Likewise, while under international law the jurisdiction of military courts must be limited to trying military personnel only, the revised Article 204 now enables military court trials for civilians even when they have not committed a direct offense against military buildings or army personnel as the Constitution of 2014 previously stated.
Against this backdrop, it is noteworthy to underline again that after ousting Morsi from the presidential office, al-Sisi has surrounded himself with former military men, just as Nasser, Sadat and Mubarak have done in the past. For instance, he has appointed 19 generals as provincial governors on top of the existing six, who had been appointed immediately after the coup in August 2013.
Twenty-seven of Egypt’s current provinces are now exclusively governed by military or police generals. Egypt observers and analysts state that such a policy has brought back Mubarak’s trademark tactics, which is to use the governorship position to cultivate the loyalty of top officers while extending the grip of his police state.
However, what differentiates al-Sisi from his predecessors is that he has neither the charisma nor the political acumen to indicate any significant change of policy, or the ability to pave the way for something new.
Nasser and Sadat, for instance, always presented clear policies that their rhetoric was meant to serve.
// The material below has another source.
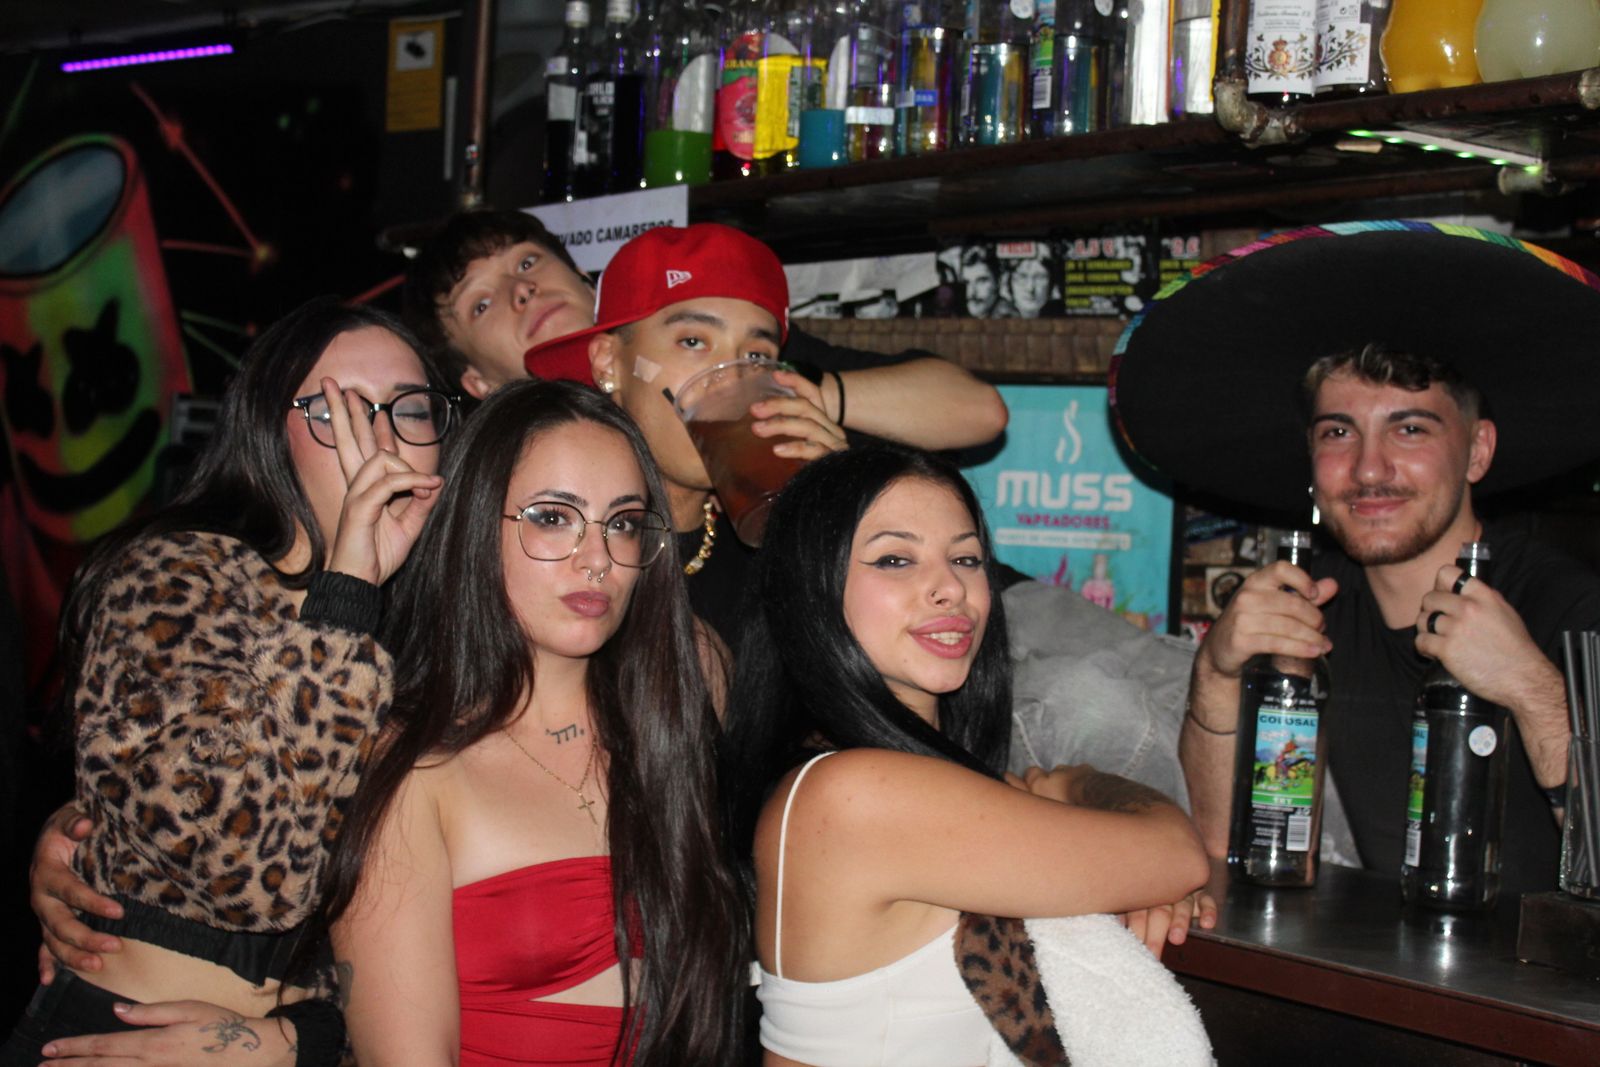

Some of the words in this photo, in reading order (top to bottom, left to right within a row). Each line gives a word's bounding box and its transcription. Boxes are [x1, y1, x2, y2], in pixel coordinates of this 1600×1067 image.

[559, 231, 592, 246] VADO
[996, 471, 1133, 511] MUSS
[1016, 513, 1110, 529] VAPEADORES
[1259, 715, 1317, 727] COLOSAL
Additionally, they had the charisma to pass their message to as many people as possible to drop hints about which way the wind would be blowing.
The only similarity that al-Sisi has with his predecessors is that he has also forged a hierarchical structure in which the military officers occupy and control the presidential establishment. Nonetheless, even the military do not hold him in high regard.
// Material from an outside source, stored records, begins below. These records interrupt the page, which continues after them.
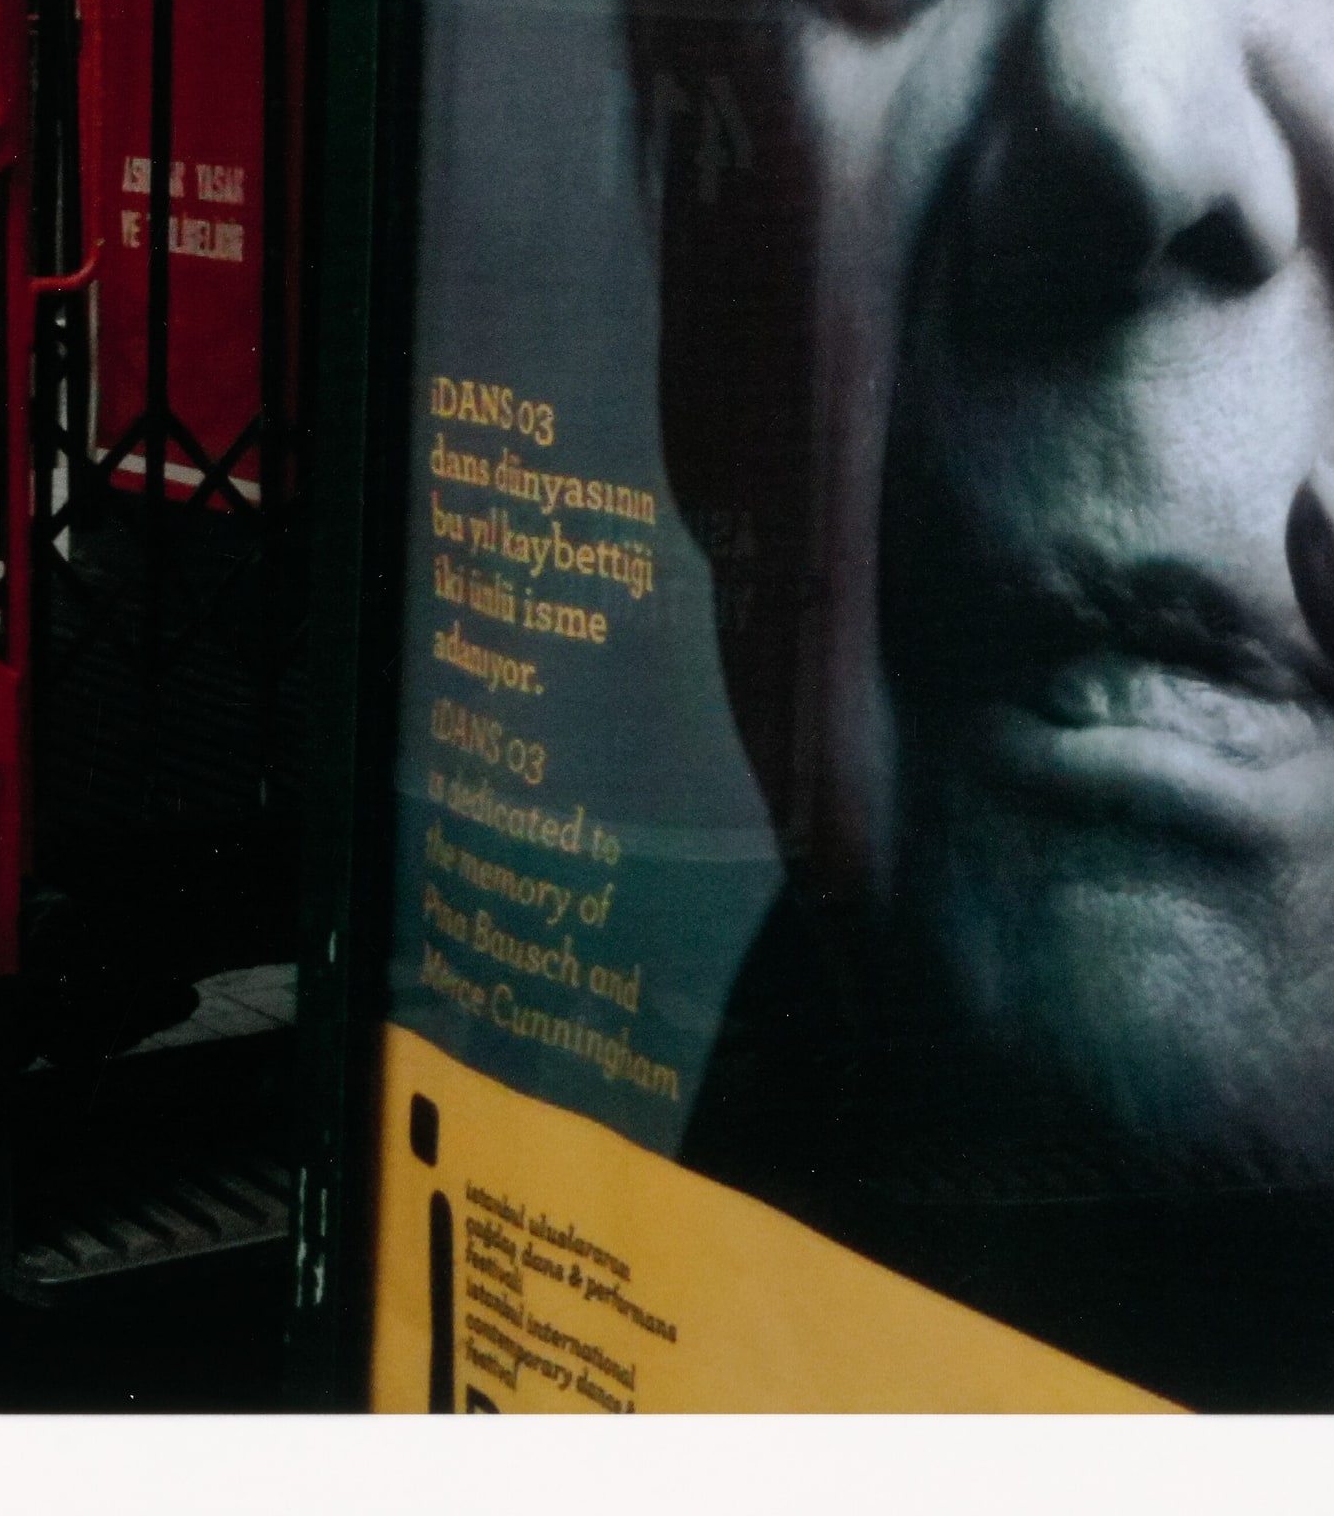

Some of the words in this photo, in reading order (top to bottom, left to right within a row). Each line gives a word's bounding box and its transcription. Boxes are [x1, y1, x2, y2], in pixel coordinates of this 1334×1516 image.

[518, 400, 555, 446] 03
[430, 433, 490, 486] dans
[431, 490, 465, 542] bu
[523, 588, 608, 644] isme
[507, 738, 546, 785] 03
[447, 776, 585, 853] dedicated
[592, 825, 621, 865] to
[458, 851, 573, 925] memory
[580, 882, 615, 928] of
[473, 909, 582, 989] Bausch
[589, 964, 641, 1014] and
[491, 983, 681, 1102] Cunningham
Since 2017, for instance, he has replaced over 130 high-ranking state and military officials, among them the country’s defense and interior ministers, as well as the chief intelligence officer, to keep an even stronger grip on the military institution.
By making these moves, al- Sisi is trying to establish himself as if there were no alternatives to him. This is happening while regional and international geopolitical and economic forces are turning a blind eye to his authoritarian regime.
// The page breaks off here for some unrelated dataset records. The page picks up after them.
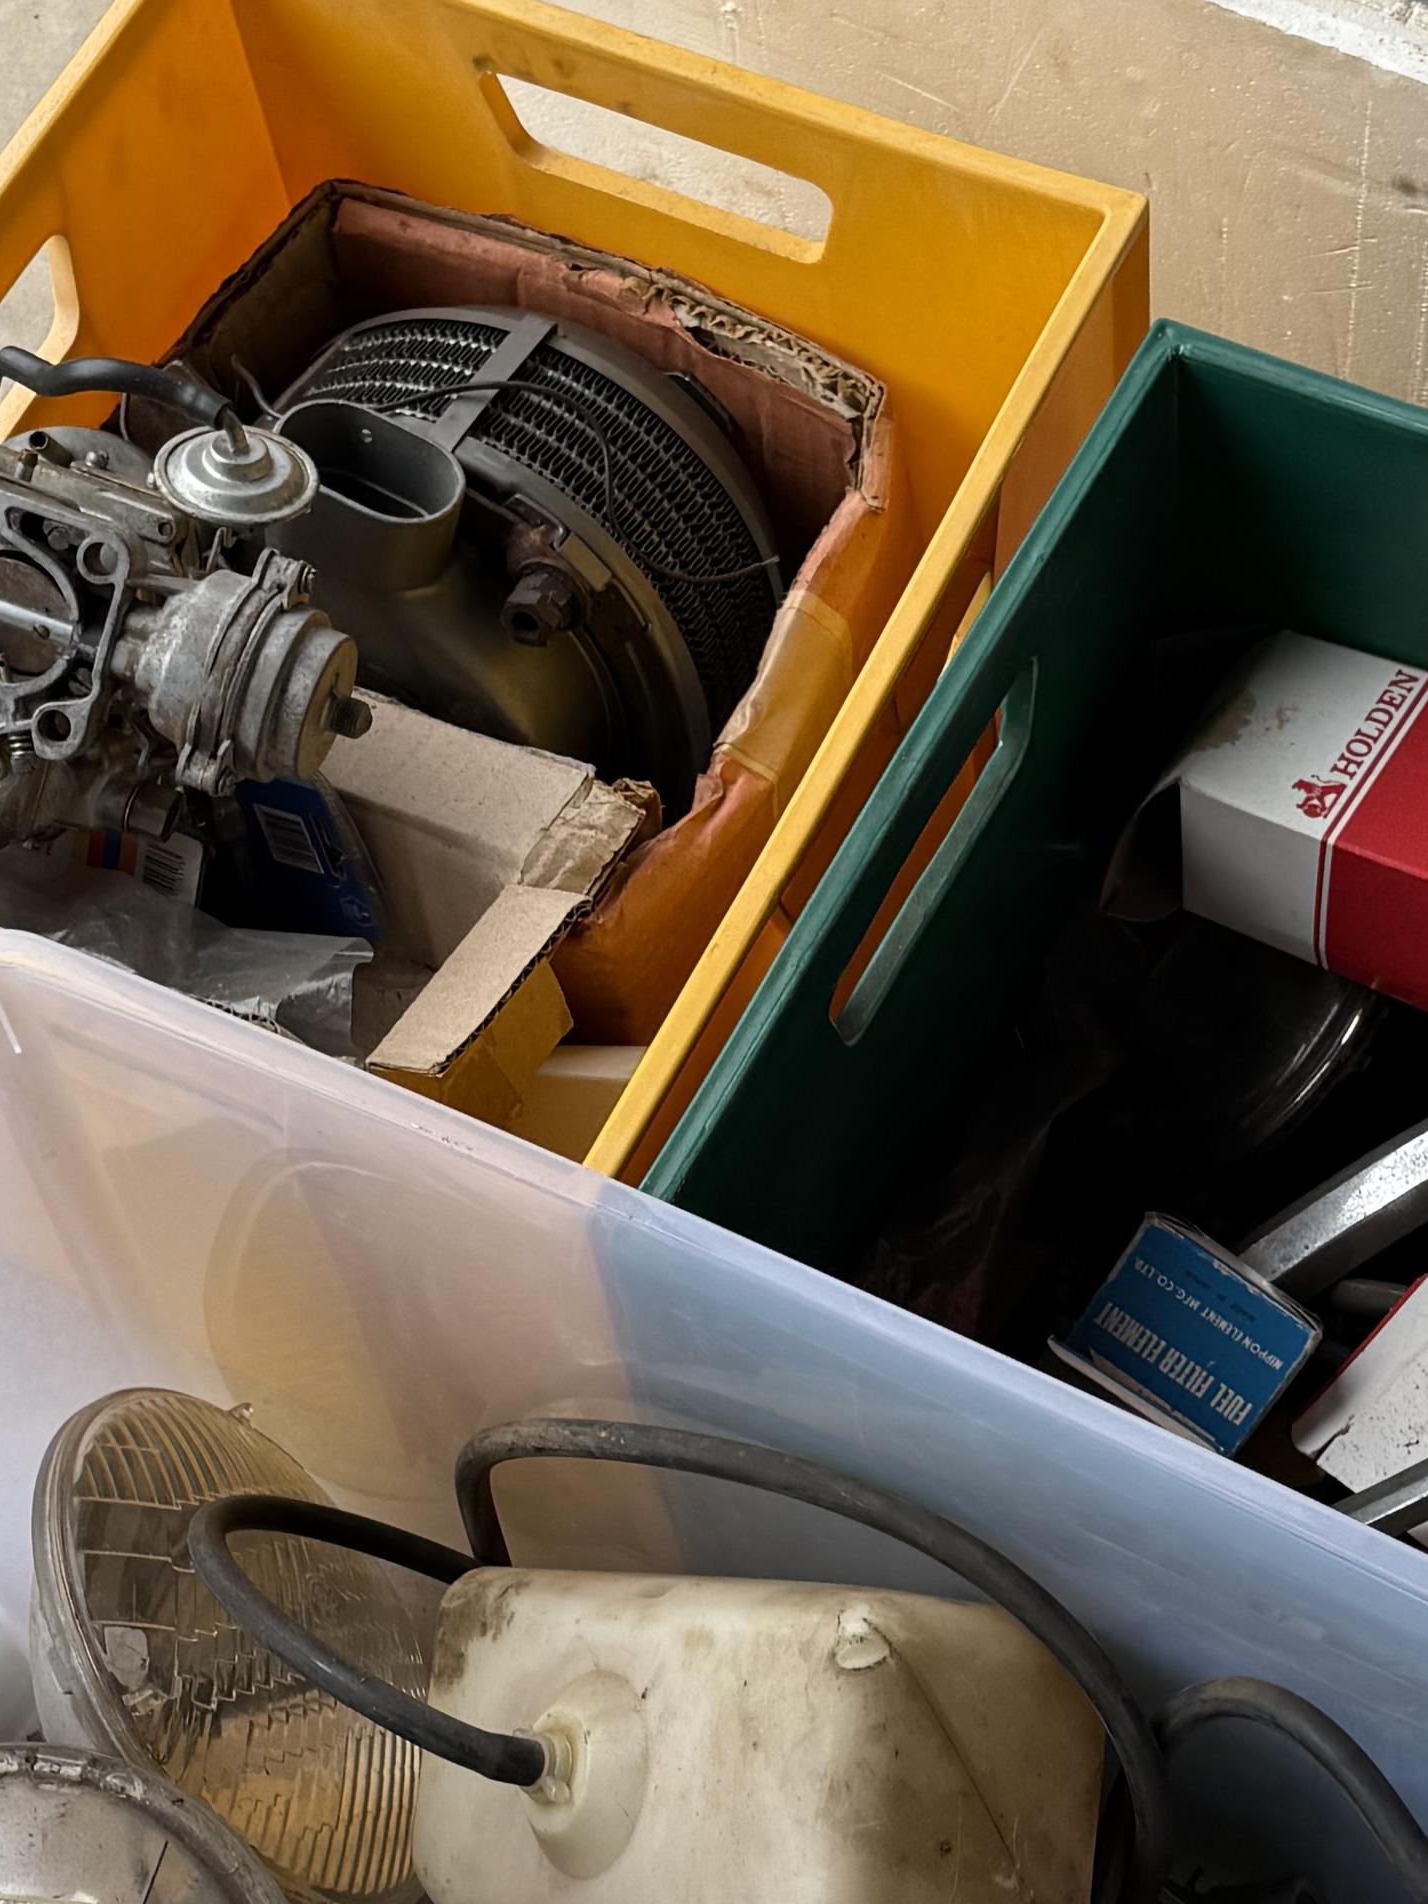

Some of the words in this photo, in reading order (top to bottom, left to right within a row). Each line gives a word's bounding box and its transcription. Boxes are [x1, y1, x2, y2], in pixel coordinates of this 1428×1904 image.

[1329, 669, 1420, 779] HOLDEN
[1092, 1300, 1166, 1364] ELEMENT
[1200, 1306, 1244, 1341] ELEMENT
[1156, 1346, 1215, 1399] FILTER
[1241, 1335, 1283, 1370] NIPPON
[1207, 1381, 1253, 1426] FUEL
It is important to understand what al-Sisi’s leadership represents for Egypt today. He is surely not in the path of Nasser and thus nurtures no desire to promote Arab nationalism, nor is he following in the footsteps of either Sadat or Mubarak in their balancing act of the various geopolitical and socioeconomic dynamics in the country.
Al-Sisi merely exemplifies a leader who constantly maneuvers to stay relevant through the support of a select military class behind closed doors as well as some international forces. The latter do not want their power to be questioned by the masses, nor are they willing to engage in a battle for influence with any other emerging bloc.
What al-Sisi embodies, therefore, is a leader with a malleable character, which the dominating forces in Egypt, as well as regional and international powers, find useful to pass agendas that would otherwise be completely unacceptable to the Egyptian people.
These forces are scared that without him, Egypt, as one of the most populated countries in the Middle East, has the potential to adopt a more independent course of action.
In this regard, the recent constitutional amendments have left a constitutional vacuum in the country. The January 2011 uprising in Egypt had represented a rare hope that Egypt, for the first time, would complete its democratic transition and reinforce the rule of law, respect the principle of separation of powers, and protect the human rights of the Egyptian people.
Alas, this referendum resurrected the autocratic status quo. However, it is in time that we will see if al-Sisi would also fall prey to his own constitutional amendments, as every other Egyptian leader before him did.
* Opinions expressed in this article are the author’s own and do not necessarily reflect the editorial policy of Anadolu Agency.